Calendrier du 21 mai 2024
Virtual Development Economics Seminar
Du 21/05/2024 de 17:00 à 18:00
Zoom
CORNO Lucia ((Cattolica University and CEPR))
*
PSI-PSE (Petit Séminaire Informel de la Paris School of Economics) Seminar
Du 21/05/2024 de 17:00 à 18:00
R1-14
SANTOS-CáRDENAS Daniela (PSE)
What Women Want: Misperceived Preferences in the Marriage Market
Paris Trade Seminar
Du 21/05/2024 de 14:30 à 16:00
PSE, 48 boulevard Jourdan, 75014 Paris, salle R2-01
JUHASZ Reka (UBC)
The Who, What, When, and How of Industrial Policy: A Text-Based Approach
écrit avec Nathan Lane, Emily Oehlsen and Verónica C. Pérez
Since the 18th century, policymakers have debated the merits of industrial policy
(IP). Yet, economists lack basic facts about its use. This study sheds light on
industrial policy by measuring and studying global policy practice for the first
time. We first create an automated classification algorithm for categorizing
industrial policy practice from text. We then apply it to a global database of
commercial policy descriptions and quantify policy use at the country, industry,
and year levels (2009-2020). These data allow us to study fundamental policy
patterns across the world. We highlight four findings. First, IP is common (25%
of policies in our database) and has expanded since 2010. Second, instead of
blunt tariffs, IP is granular and technocratic. Countries tend to use subsidies
and export promotion measures, often targeted at individual firms. Third, the
countries engaged most in IP tend to be wealthier (top income quintile) liberal
democracies. In our data, IP is rarer among the poorest nations (bottom quintile).
Fourth, IP is targeted toward a subset of industries and is highly correlated with
an industry’s revealed comparative advantage. We show that industrial policy is
a prominent feature of the global economy and a far cry from industrial policies
of the past.
STEP (Seminar of Trade Economists in Paris)
Du 21/05/2024 de 13:00 à 14:00
R1-13
BOEHM Johannes (IHEID)
Trade and the End of Antiquity
écrit avec Thomas Chaney
What caused the end of antiquity, the shift of economic activity away from the Mediterranean towards Northern Europe?
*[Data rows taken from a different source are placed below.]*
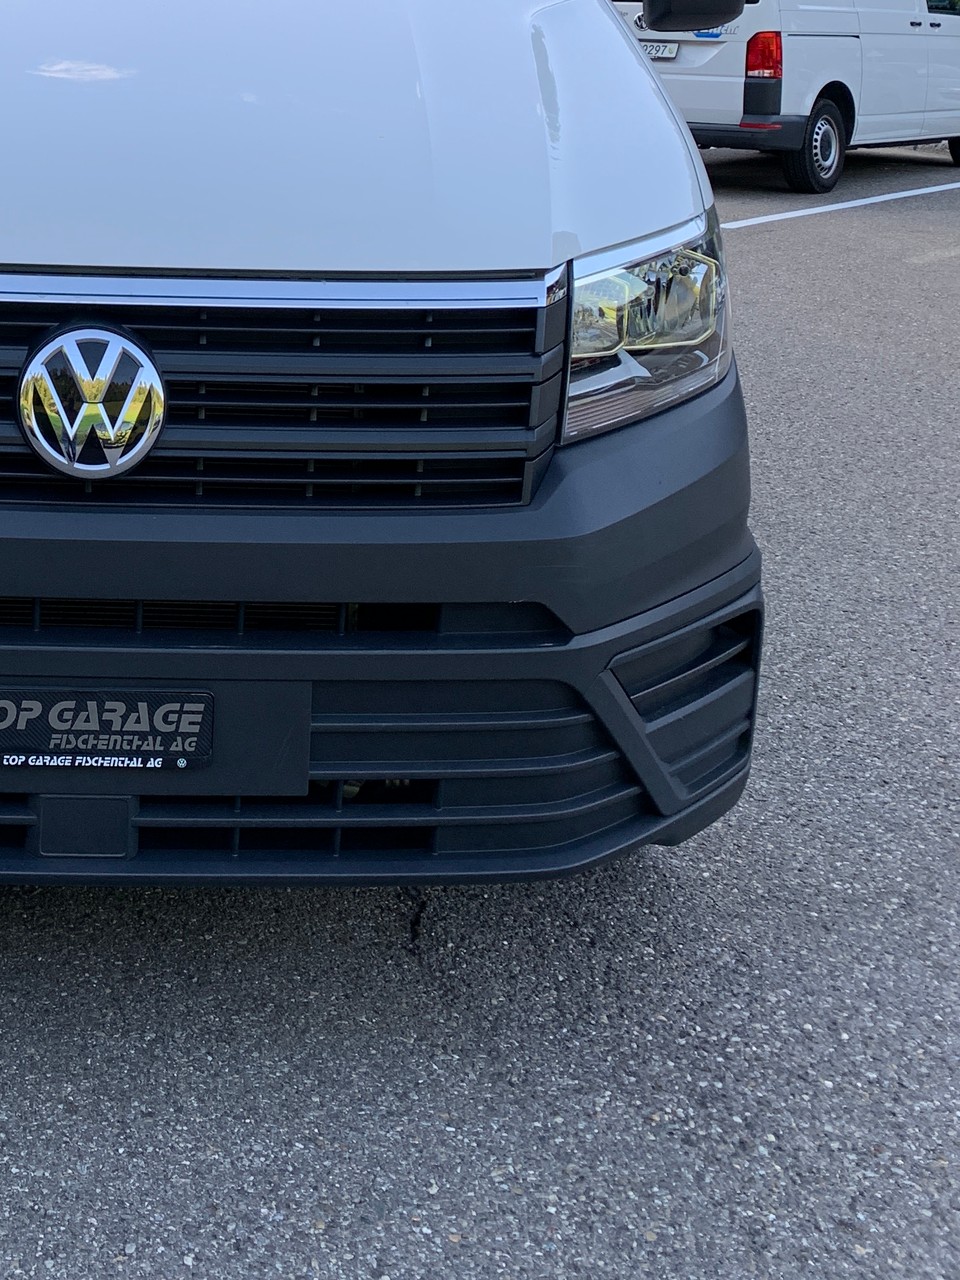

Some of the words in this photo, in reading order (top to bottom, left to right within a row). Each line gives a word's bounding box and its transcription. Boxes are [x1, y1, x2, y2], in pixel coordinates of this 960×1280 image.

[48, 700, 205, 733] GARAGE
[49, 733, 164, 751] FISCHENTHAL
[169, 736, 197, 752] AG
[3, 755, 26, 766] TOP
[28, 755, 72, 767] GARAGE
[74, 756, 144, 768] FISCHENTHAL
[145, 757, 163, 768] AG
Henri Pirenne (1939) proposes that it was caused by the disruption of trade linkages following the Arab conquests of Northern Africa and Iberia by the Arabs and the associated loss of Byzantine naval power in the Western Mediterranean. To test the ‘Pirenne Thesis’ we assemble a large database of coin flows between the 4th and 10th century which we study through the lens of a dynamic gravity model of trade. Coins gradually diffuse alongside trade linkages. Coins contain information on the date and place of minting, which allows us to reconstruct trade flows from data on the spatial and temporal distribution of coins found in coin hoards. We estimate changes in trade costs arising from changing political and religious borders following the Arab conquests. Border effects can explain the relative decline of the eastern Mediterranean, but not the increased urbanization in Muslim Spain and in the Frankish lands. These patterns can be explained when we further account for technological change and for increased mint output. The estimated model points to the large effects that geopolitical changes can have by disrupting long-distance trade.
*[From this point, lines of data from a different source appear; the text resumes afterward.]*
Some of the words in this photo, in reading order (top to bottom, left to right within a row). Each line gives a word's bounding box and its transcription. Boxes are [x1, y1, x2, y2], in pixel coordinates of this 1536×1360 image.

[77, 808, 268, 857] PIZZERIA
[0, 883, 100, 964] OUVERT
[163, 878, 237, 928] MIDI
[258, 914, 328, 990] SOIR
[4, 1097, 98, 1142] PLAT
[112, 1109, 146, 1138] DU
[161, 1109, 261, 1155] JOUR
Applied Economics Lunch Seminar
Du 21/05/2024 de 12:30 à 13:30
Salle R2.21
CHIOCCHETTI Alice ()
The Global Allocation of Extractive Windfalls
écrit avec Ninon Moreau-Kastler
Profits of oil, gas and mining companies are strongly linked to commodity prices, but little is known on how those windfall profits are distributed between corporations and states. To answer this question, we build a new dataset covering a large share of tax payments made by extractive firms worldwide by combining all mandatory reports on their tax payments. Using this new dataset, we estimate that a 1% increase in commodity prices results in a 0.45% increase in fiscal windfalls for states, with significant heterogeneity across types of payments and countries. In a second part, we investigate how fluctuations in profits arising from commodity price changes are distributed worldwide using a multi-country unconsolidated firm-level database matched with production data covering a large number of extractive firms from 2012 to 2022. We find that the profits of subsidiaries located in tax havens are more elastic to changes in commodity prices compared to other subsidiaries.